YOUR ASSIGNMENT
What is needed is an exact transcription of the line containing "this 1512×1344 image." and every line after it through the end of the entries below, with no pictures.
DATA TO USE section start
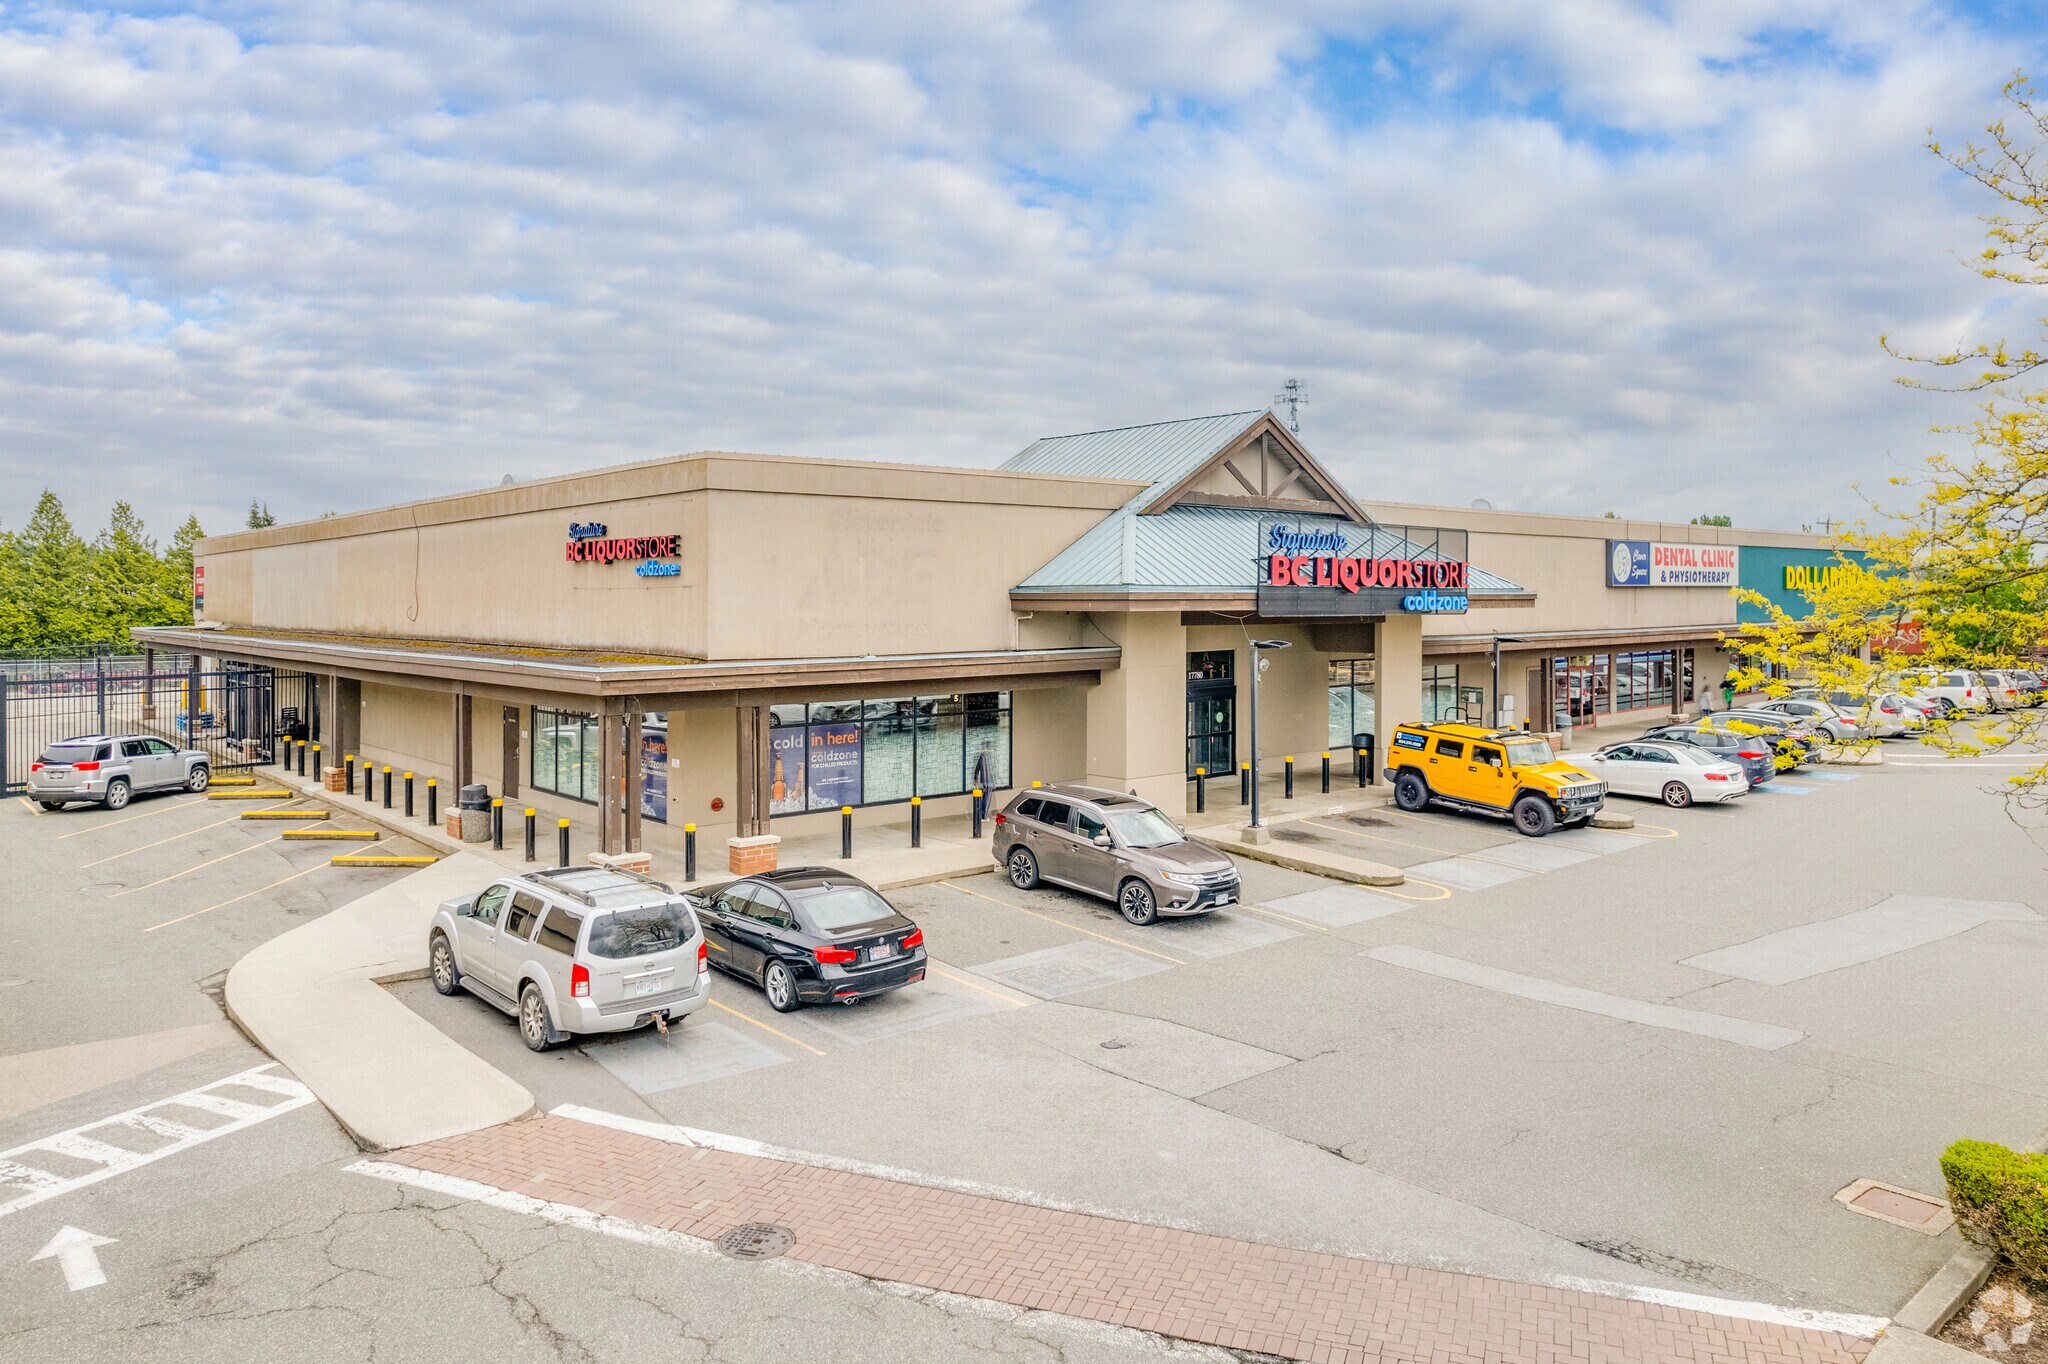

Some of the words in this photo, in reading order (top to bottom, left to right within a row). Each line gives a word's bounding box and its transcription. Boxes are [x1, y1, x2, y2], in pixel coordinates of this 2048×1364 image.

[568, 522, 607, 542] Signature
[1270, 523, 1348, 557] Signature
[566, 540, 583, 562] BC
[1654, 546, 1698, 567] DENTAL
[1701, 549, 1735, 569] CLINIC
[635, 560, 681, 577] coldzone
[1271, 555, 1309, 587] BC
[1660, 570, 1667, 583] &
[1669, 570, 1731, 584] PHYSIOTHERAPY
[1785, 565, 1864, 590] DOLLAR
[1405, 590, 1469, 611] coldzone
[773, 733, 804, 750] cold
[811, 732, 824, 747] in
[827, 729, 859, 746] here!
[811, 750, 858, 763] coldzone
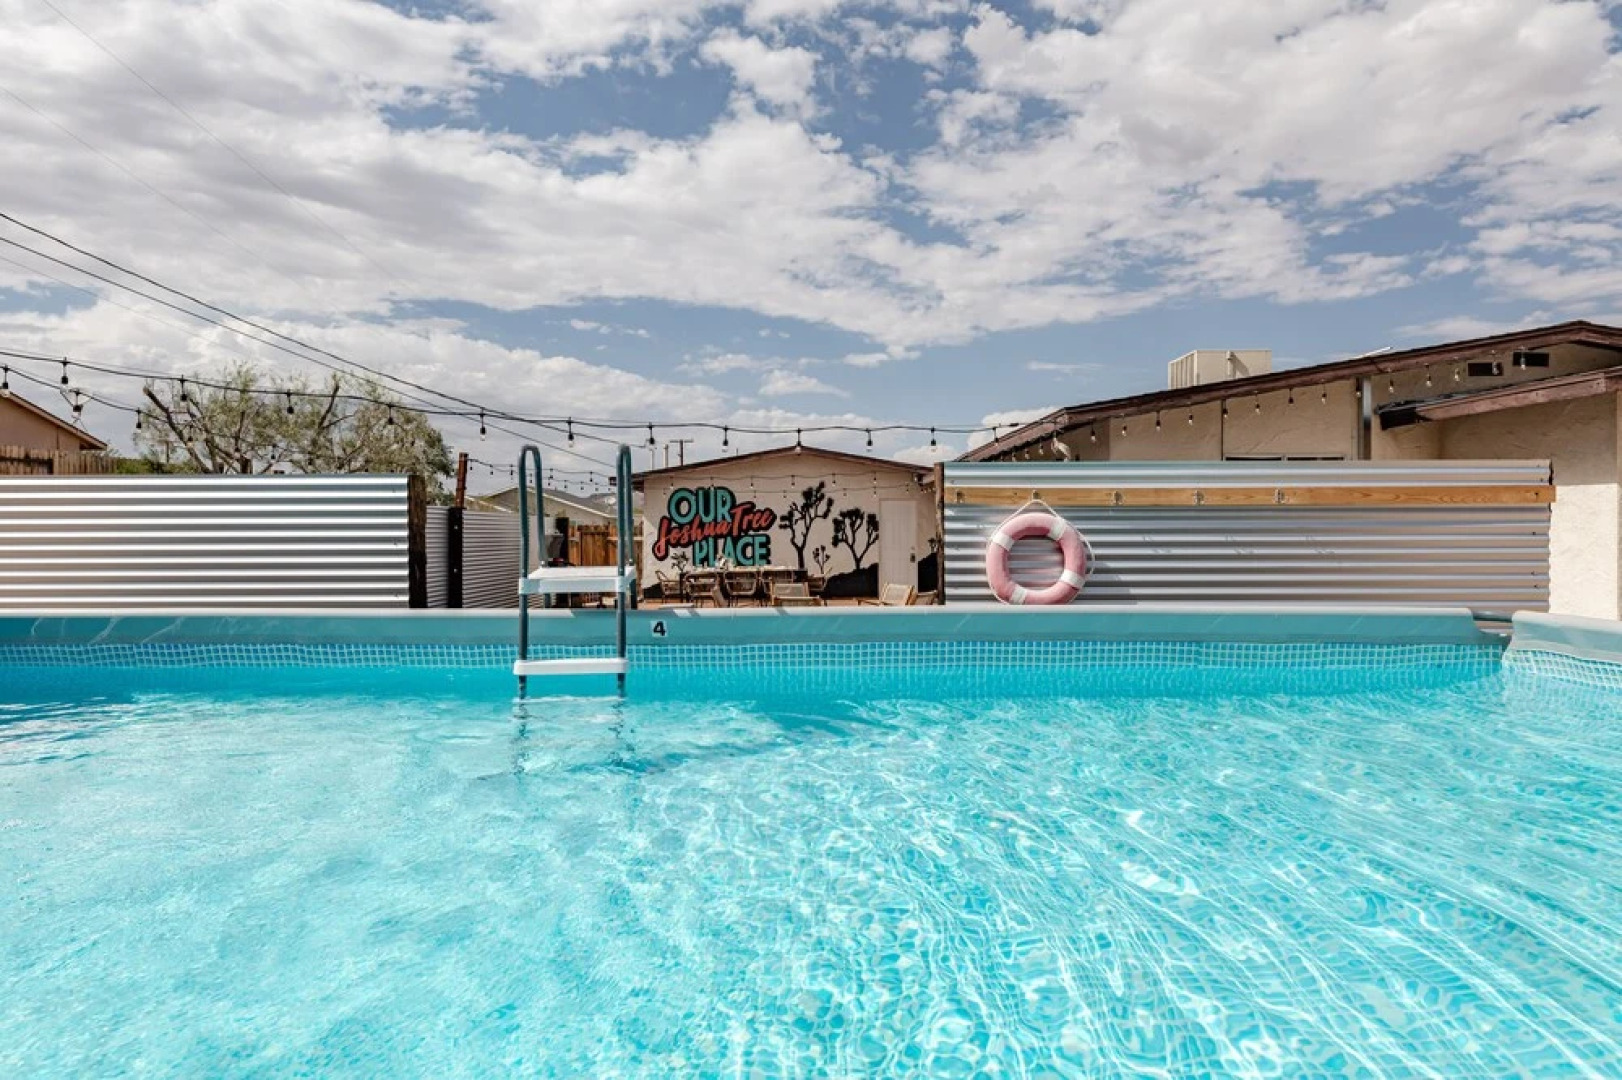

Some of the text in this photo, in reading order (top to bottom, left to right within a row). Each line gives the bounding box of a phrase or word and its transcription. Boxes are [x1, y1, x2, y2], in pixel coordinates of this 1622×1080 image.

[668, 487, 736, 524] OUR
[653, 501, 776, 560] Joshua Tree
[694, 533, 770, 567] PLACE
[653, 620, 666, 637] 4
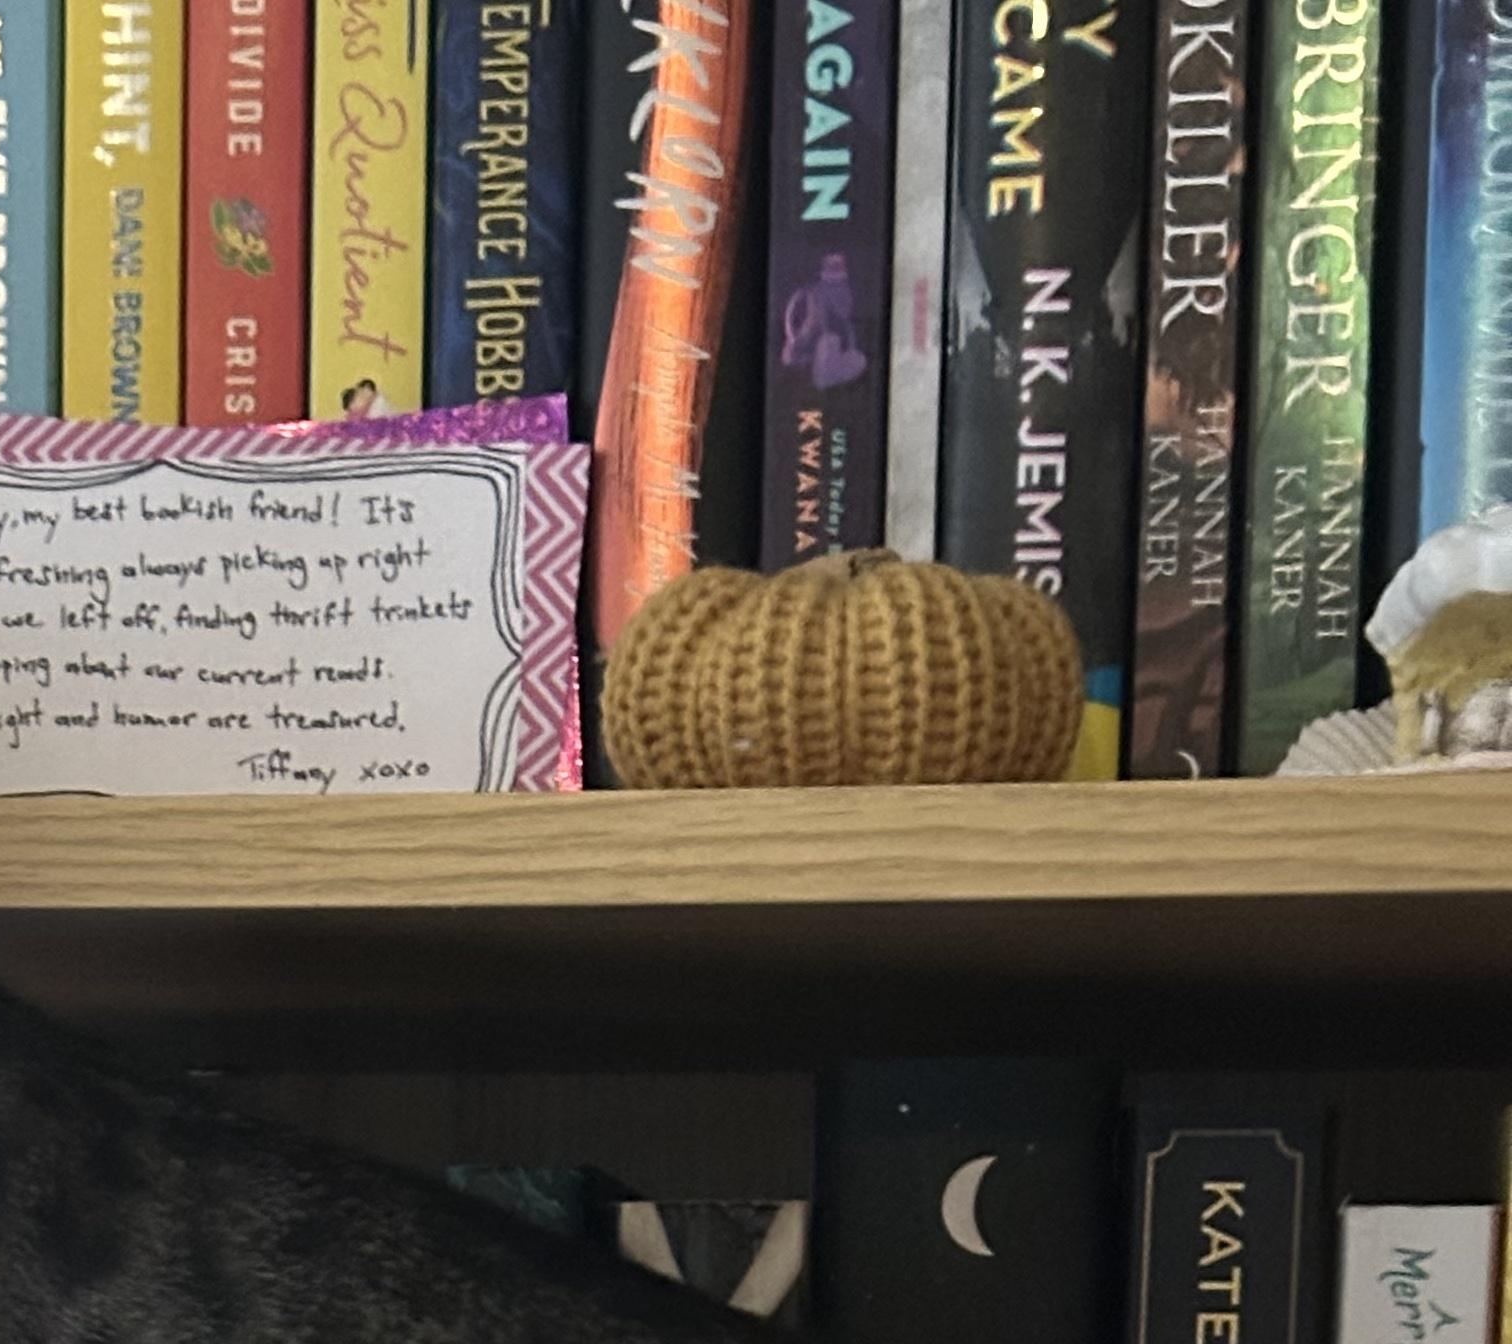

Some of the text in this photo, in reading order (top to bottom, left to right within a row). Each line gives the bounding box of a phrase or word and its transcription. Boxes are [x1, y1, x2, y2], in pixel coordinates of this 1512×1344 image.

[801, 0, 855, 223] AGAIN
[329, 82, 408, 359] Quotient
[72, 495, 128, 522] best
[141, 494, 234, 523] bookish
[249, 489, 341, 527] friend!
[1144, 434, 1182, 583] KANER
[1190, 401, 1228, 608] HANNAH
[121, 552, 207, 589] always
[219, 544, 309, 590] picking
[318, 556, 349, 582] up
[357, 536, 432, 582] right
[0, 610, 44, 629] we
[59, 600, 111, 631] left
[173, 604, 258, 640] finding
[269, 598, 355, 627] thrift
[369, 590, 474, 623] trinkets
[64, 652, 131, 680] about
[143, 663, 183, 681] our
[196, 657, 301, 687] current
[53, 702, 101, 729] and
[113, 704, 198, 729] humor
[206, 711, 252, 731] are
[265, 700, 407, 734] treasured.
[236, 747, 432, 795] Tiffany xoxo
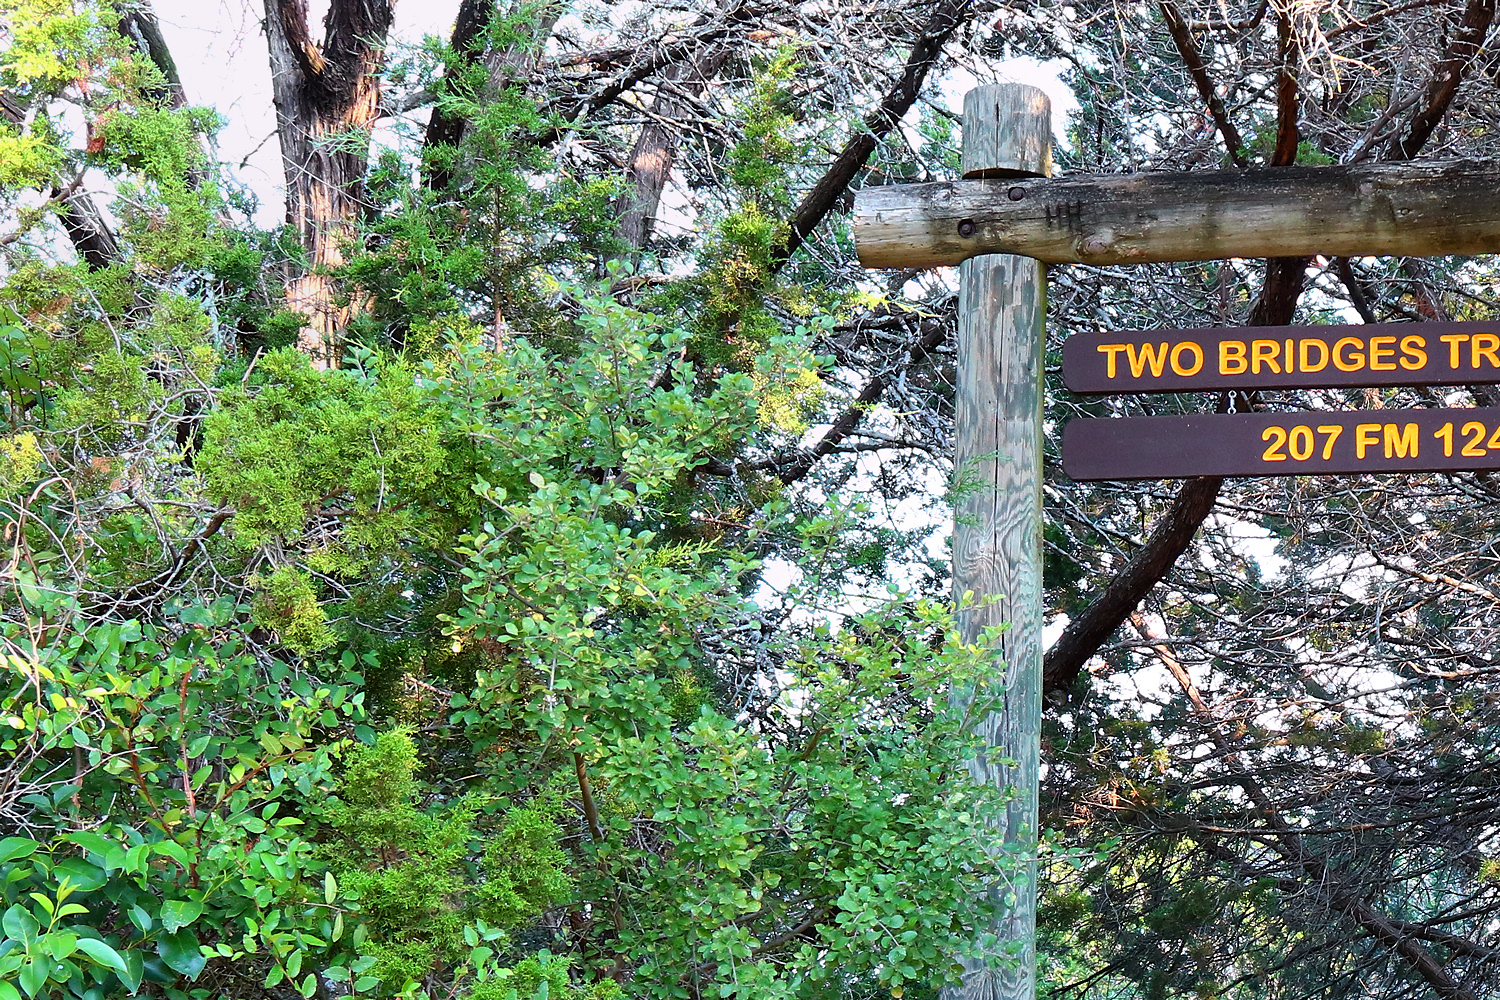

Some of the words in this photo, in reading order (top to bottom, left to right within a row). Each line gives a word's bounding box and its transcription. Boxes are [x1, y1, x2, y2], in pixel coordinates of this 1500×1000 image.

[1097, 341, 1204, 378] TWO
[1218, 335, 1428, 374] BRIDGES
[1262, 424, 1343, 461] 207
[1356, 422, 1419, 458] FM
DATA TO USE section end
ANSWER FOR THIS EXERCISE
Some of the text in this photo, in reading order (top to bottom, left to right within a row). Each line gives the bounding box of a phrase or word and its transcription. Boxes are [x1, y1, x2, y2], in pixel coordinates of this 1512×1344 image.

[801, 0, 855, 223] AGAIN
[329, 82, 408, 359] Quotient
[72, 495, 128, 522] best
[141, 494, 234, 523] bookish
[249, 489, 341, 527] friend!
[1144, 434, 1182, 583] KANER
[1190, 401, 1228, 608] HANNAH
[121, 552, 207, 589] always
[219, 544, 309, 590] picking
[318, 556, 349, 582] up
[357, 536, 432, 582] right
[0, 610, 44, 629] we
[59, 600, 111, 631] left
[173, 604, 258, 640] finding
[269, 598, 355, 627] thrift
[369, 590, 474, 623] trinkets
[64, 652, 131, 680] about
[143, 663, 183, 681] our
[196, 657, 301, 687] current
[53, 702, 101, 729] and
[113, 704, 198, 729] humor
[206, 711, 252, 731] are
[265, 700, 407, 734] treasured.
[236, 747, 432, 795] Tiffany xoxo

Some of the words in this photo, in reading order (top to bottom, left to right within a row). Each line gives a word's bounding box and its transcription. Boxes are [x1, y1, x2, y2], in pixel coordinates of this 1500×1000 image.

[1097, 341, 1204, 378] TWO
[1218, 335, 1428, 374] BRIDGES
[1262, 424, 1343, 461] 207
[1356, 422, 1419, 458] FM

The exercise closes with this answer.